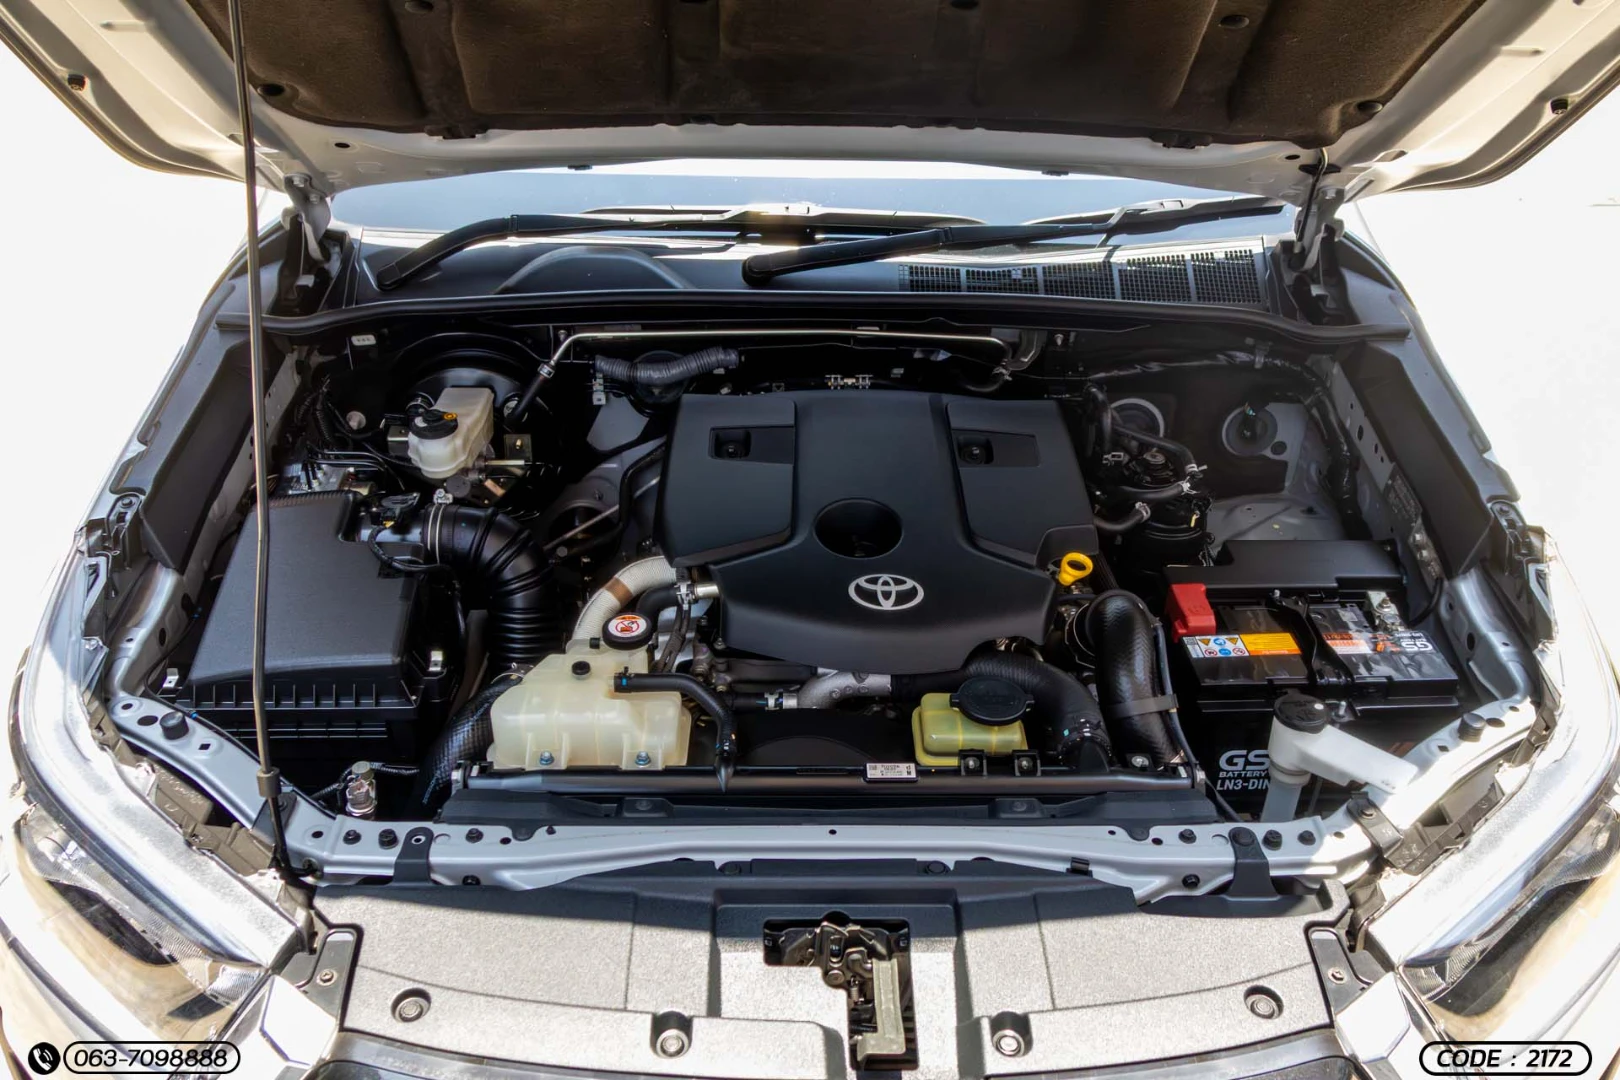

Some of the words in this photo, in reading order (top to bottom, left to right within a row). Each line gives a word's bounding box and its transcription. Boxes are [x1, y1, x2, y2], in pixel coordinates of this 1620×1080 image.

[1400, 641, 1433, 651] GS
[1219, 749, 1270, 771] GS
[1219, 770, 1268, 778] BATTERY
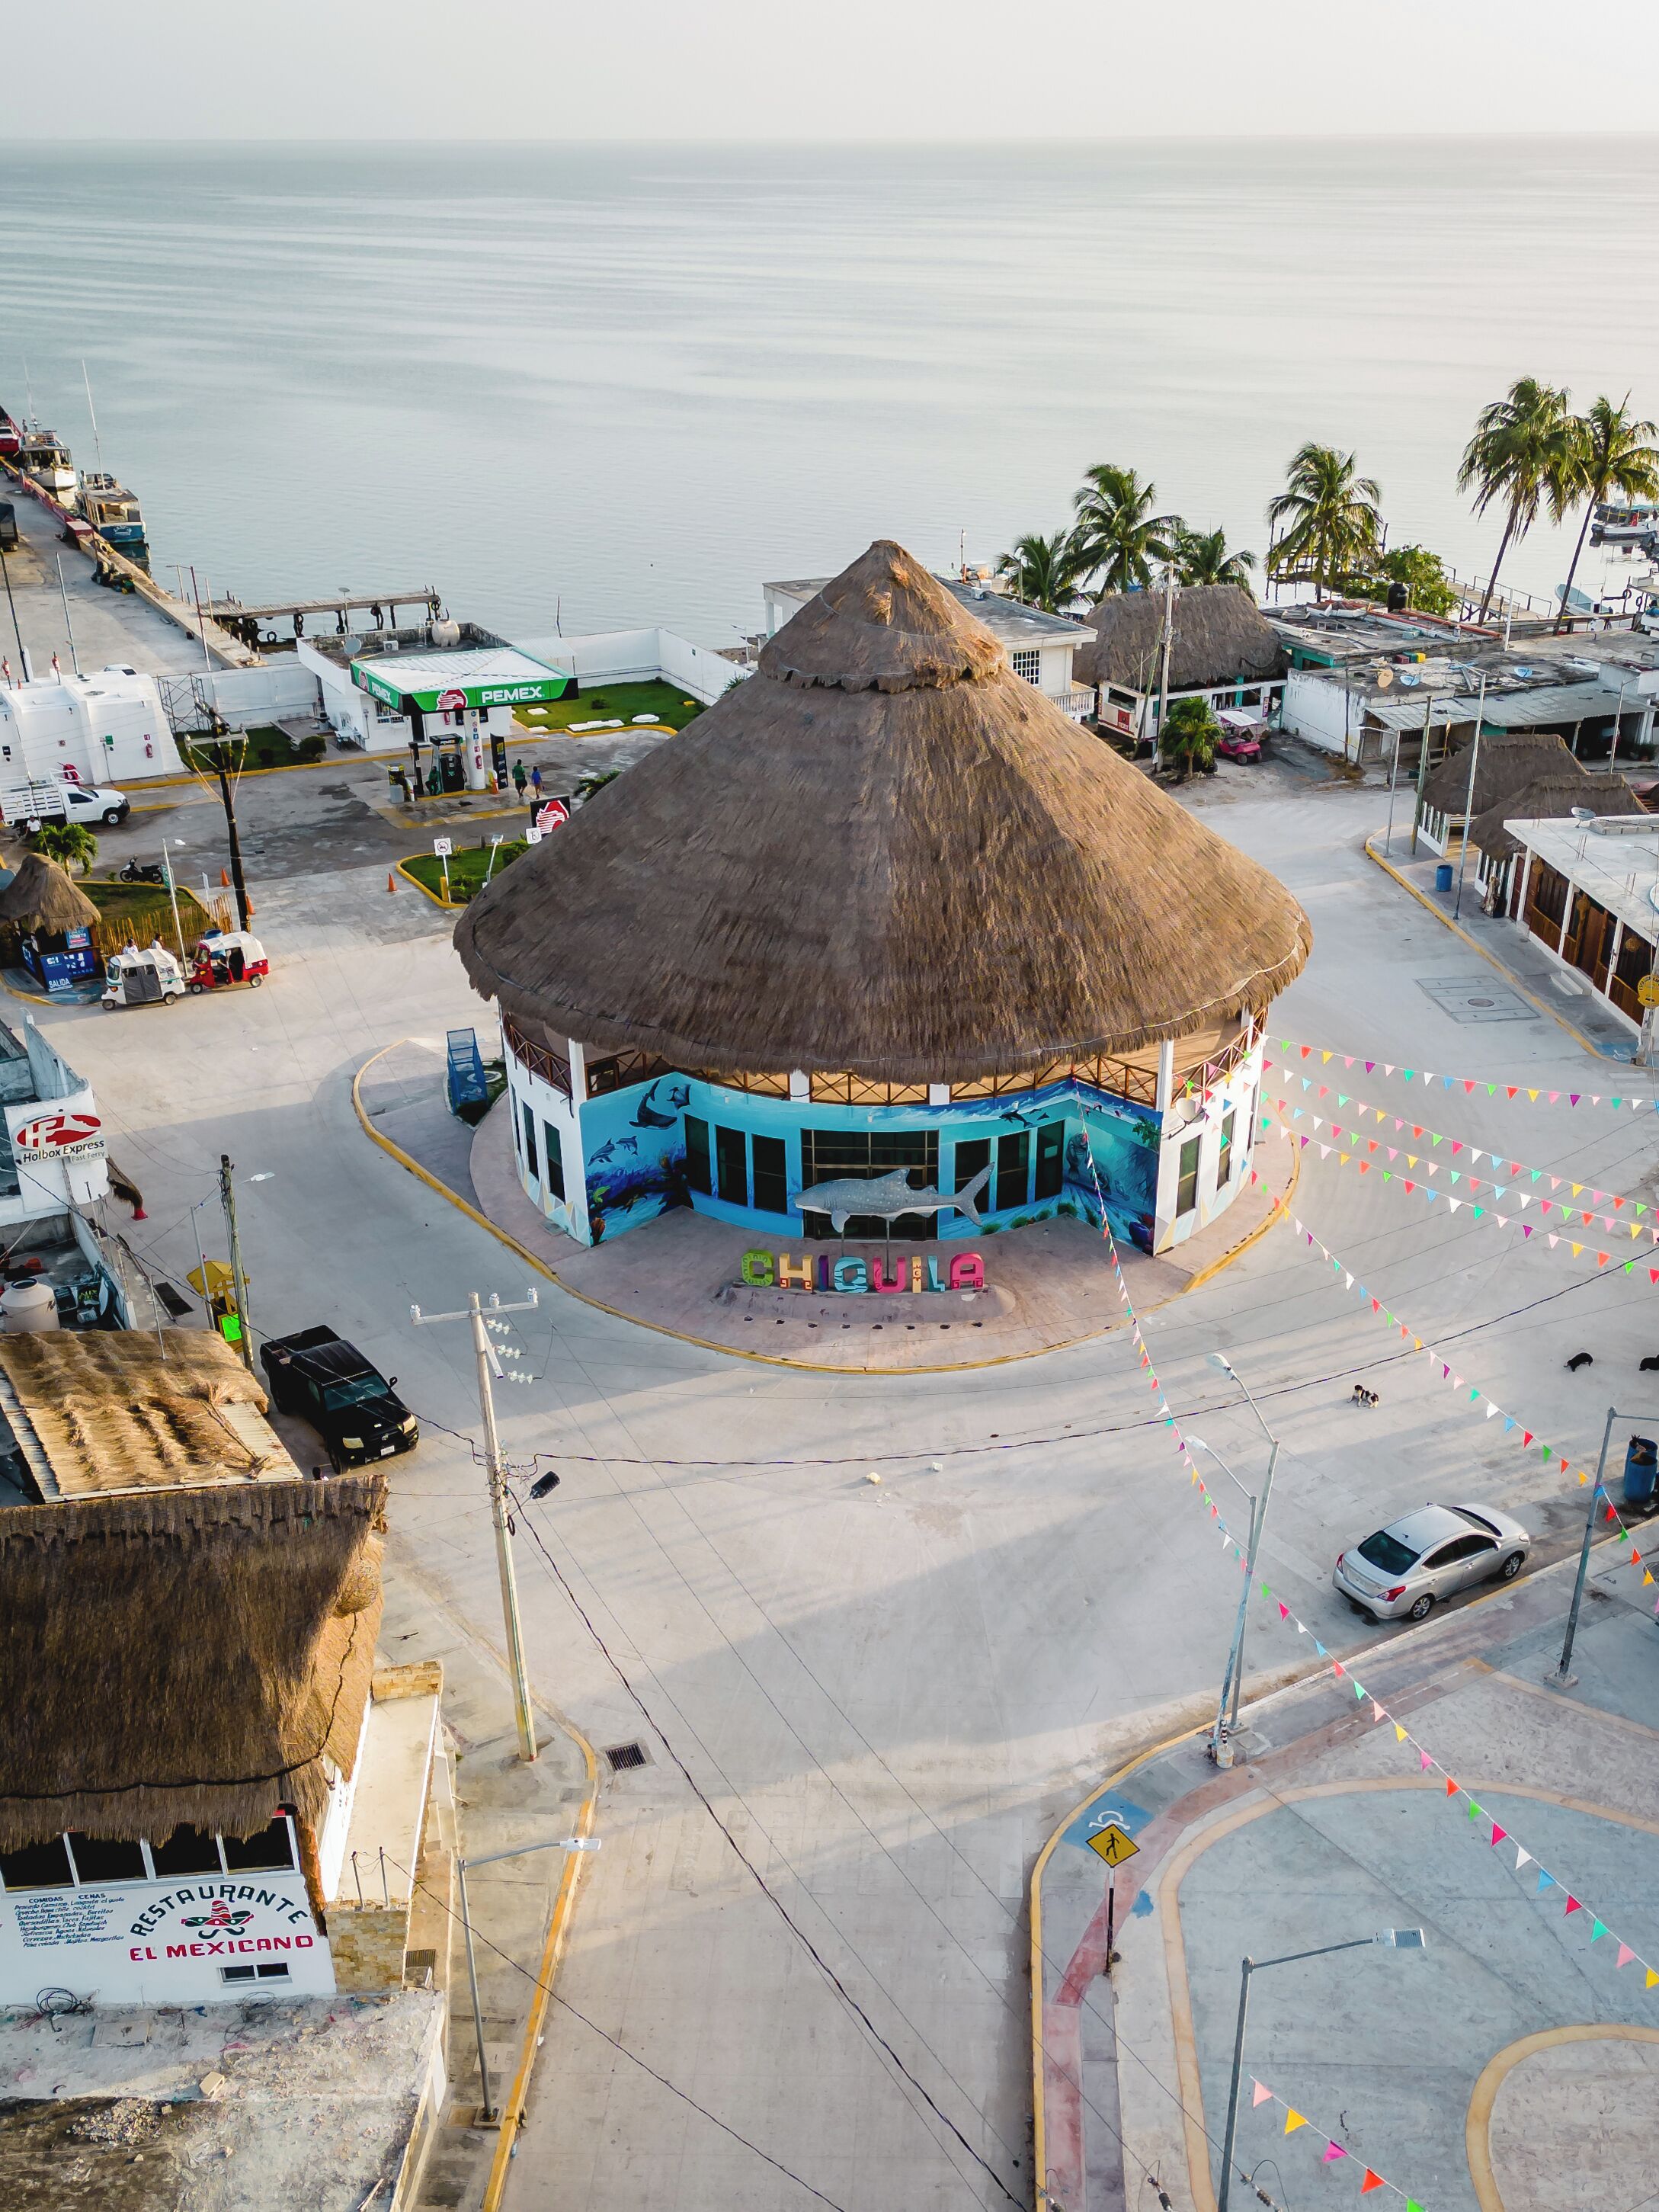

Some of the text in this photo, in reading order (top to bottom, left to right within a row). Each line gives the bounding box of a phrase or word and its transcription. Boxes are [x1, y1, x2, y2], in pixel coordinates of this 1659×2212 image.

[482, 686, 543, 704] PEMEX
[49, 978, 70, 989] SALIDA
[23, 1140, 104, 1163] Holbox Express
[741, 1249, 985, 1294] CHIQUILA
[130, 1884, 308, 1937] RESTAURANTE
[130, 1935, 314, 1961] EL MEXICANO
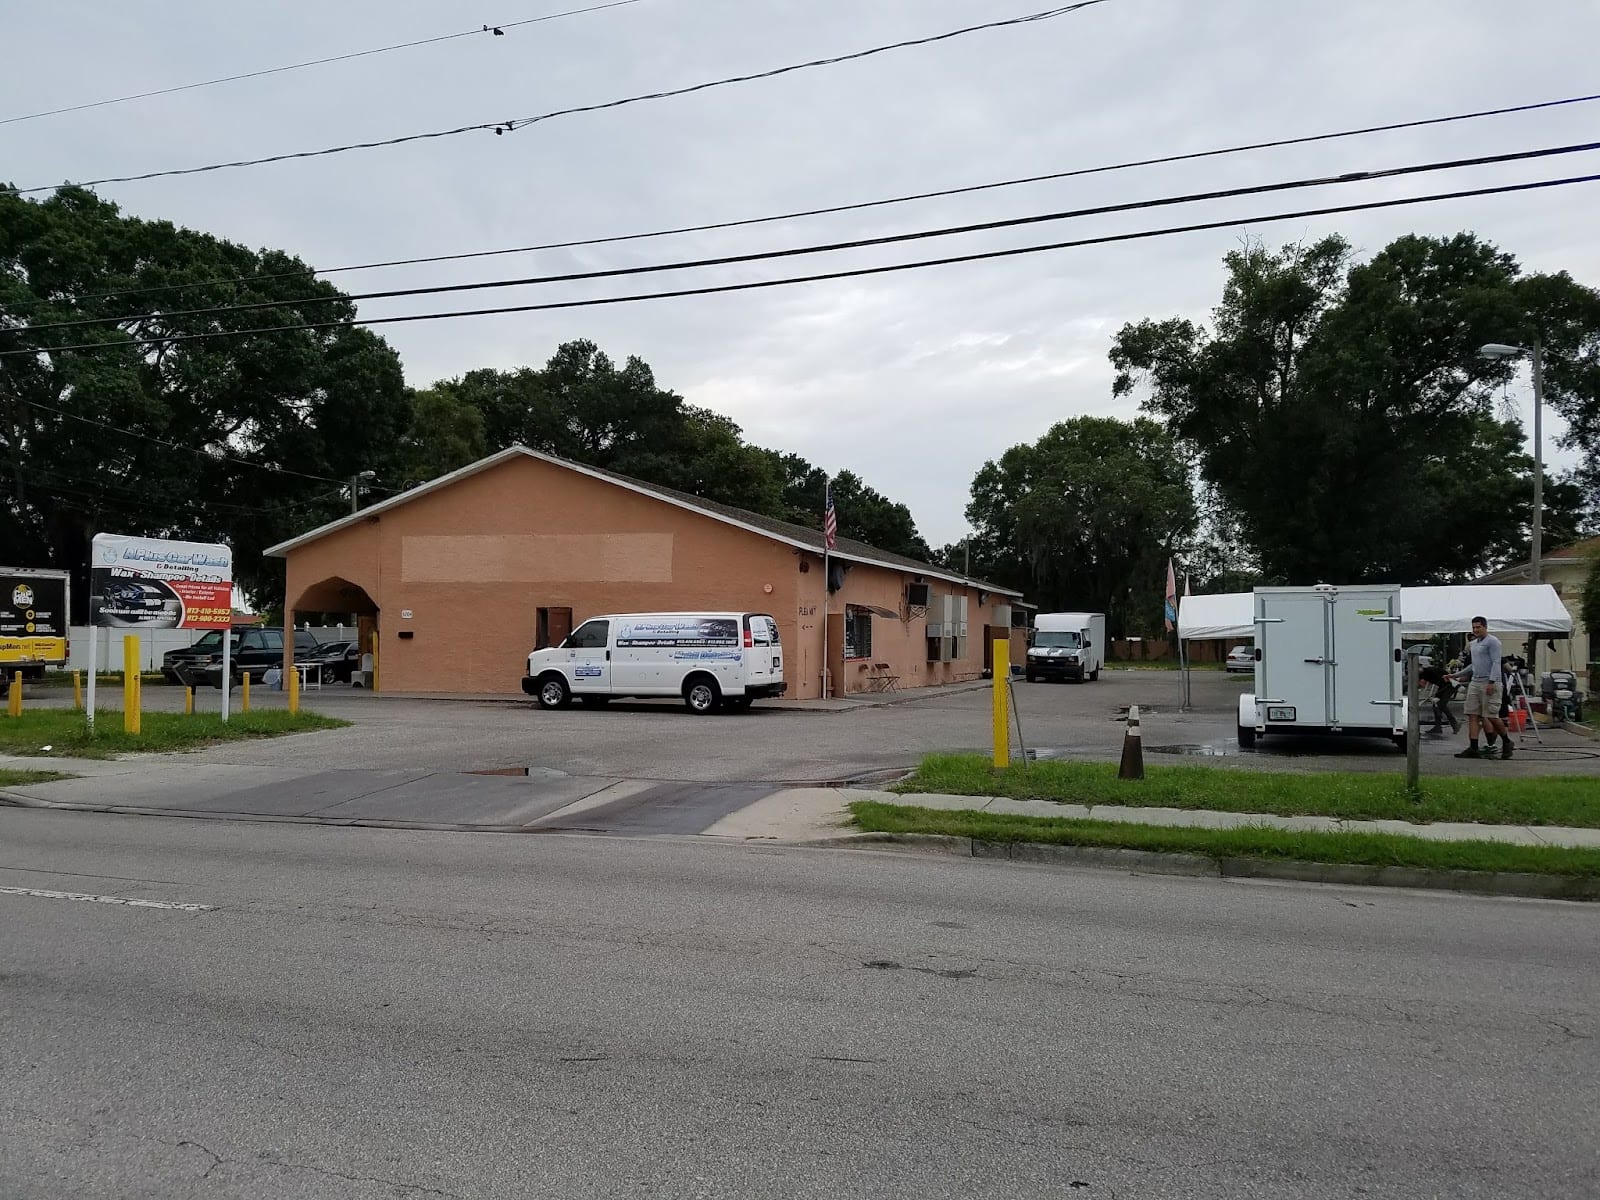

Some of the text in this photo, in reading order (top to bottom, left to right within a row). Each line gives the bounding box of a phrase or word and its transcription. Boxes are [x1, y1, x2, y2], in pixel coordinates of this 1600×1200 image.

[136, 549, 166, 562] Plus
[166, 551, 192, 564] Car
[192, 553, 229, 567] Wash
[110, 567, 223, 584] Wax Shampoo Details
[163, 563, 199, 572] Detailing

WHAT IS REQUIRED:
If pictures appear in the data, do not print them; repeat the rest exactly.

ANSWER:
Some of the words in this photo, in reading order (top to bottom, left to right within a row). Each line gives a word's bounding box and its transcription. Boxes are [x1, y1, x2, y2], in pixel coordinates of this 1620×1080 image.

[1400, 641, 1433, 651] GS
[1219, 749, 1270, 771] GS
[1219, 770, 1268, 778] BATTERY

Some of the text in this photo, in reading order (top to bottom, left to right within a row). Each line gives the bounding box of a phrase or word and its transcription. Boxes are [x1, y1, x2, y2], in pixel coordinates of this 1659×2212 image.

[482, 686, 543, 704] PEMEX
[49, 978, 70, 989] SALIDA
[23, 1140, 104, 1163] Holbox Express
[741, 1249, 985, 1294] CHIQUILA
[130, 1884, 308, 1937] RESTAURANTE
[130, 1935, 314, 1961] EL MEXICANO

Some of the text in this photo, in reading order (top to bottom, left to right within a row). Each line gives the bounding box of a phrase or word and its transcription. Boxes are [x1, y1, x2, y2], in pixel coordinates of this 1600×1200 image.

[136, 549, 166, 562] Plus
[166, 551, 192, 564] Car
[192, 553, 229, 567] Wash
[110, 567, 223, 584] Wax Shampoo Details
[163, 563, 199, 572] Detailing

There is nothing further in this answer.